Still reeling from the perfumed stink of Cashmere Mafia, ABC’s dramedy about four high-powered Manhattan gals who have it all and want more, I’ve now been ravaged by Lipstick Jungle, NBC’s new dramedy about three high-powered Manhattan gals who have it all and want more. Do they sound similar? Well, you may have heard this story already: Mafia‘s don, Darren Star, was the original executive producer of Sex and the City, adapted from Candace Bushnell’s 1997 book. Star and Bushnell were palsy-walsy up through the time she was writing her 2005 novel Lipstick Jungle. Then they went their separate ways and landed deals with different networks to produce essentially the same show; bruised feelings and fractured friendships reportedly ensued.
Lipstick, to give it some credit, has a better cast than the cold yet bubbleheaded Cashmere. I certainly buy Kim Raver (24‘s Audrey Raines) as the editor of a Vanity Fair-like magazine. Her face a series of razor-sharp planes that resemble a cubist-period Picasso portrait, Raver radiates the gleaming but rotting intelligence of a person whose self-worth hinges on landing a Prince William cover shoot.
The always charming Brooke Shields does what she can to make sense of her kinda-brilliant, kinda-ditzy movie-executive character, Wendy Healy. In the pilot, Wendy desperately tries to land Leonardo DiCaprio to star in her studio’s movie about Galileo before DreamWorks tackles the same subject. Only in TV-land would a 17th-century-astronomer biopic be a hot property; one can imagine Wendy’s dream ad campaign: ”Reach for the stars with Gali-LEO!”

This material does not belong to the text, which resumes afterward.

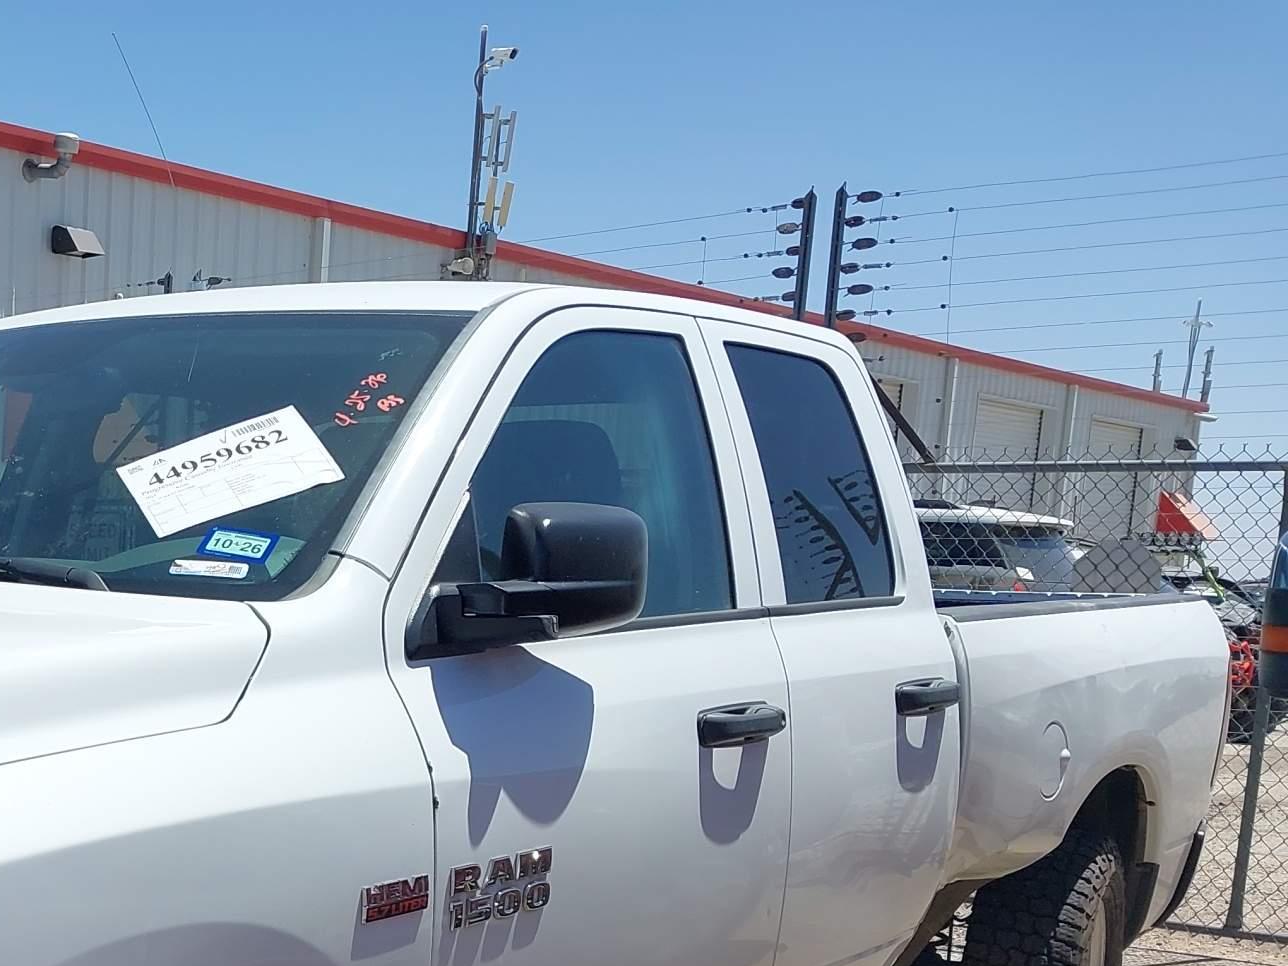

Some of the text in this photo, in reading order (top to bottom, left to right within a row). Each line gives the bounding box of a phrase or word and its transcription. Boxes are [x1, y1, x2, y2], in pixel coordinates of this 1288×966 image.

[148, 429, 289, 486] 44959682
[449, 845, 553, 897] RAM
[449, 881, 552, 931] 1500

The third member of the power trio is a fashion designer named Victory Ford (Kewpie-doll-faced Lindsay Price, from — good Lord — Pepper Dennis), who spends most of the pilot episode weeping over the bad reviews for her most recent clothing line. ”’Out with the old, in with the ewww’ — that’s just mean!” she wails. No, babe, that’s just lousy writing. Indeed, Lipstick Jungle is full of awful lines. You think, no way can they top Raver’s ”When they smell fear in this town, it’s over,” but then Price anguishes, ”I’m way too close to my product, but I don’t know how to be any other way!”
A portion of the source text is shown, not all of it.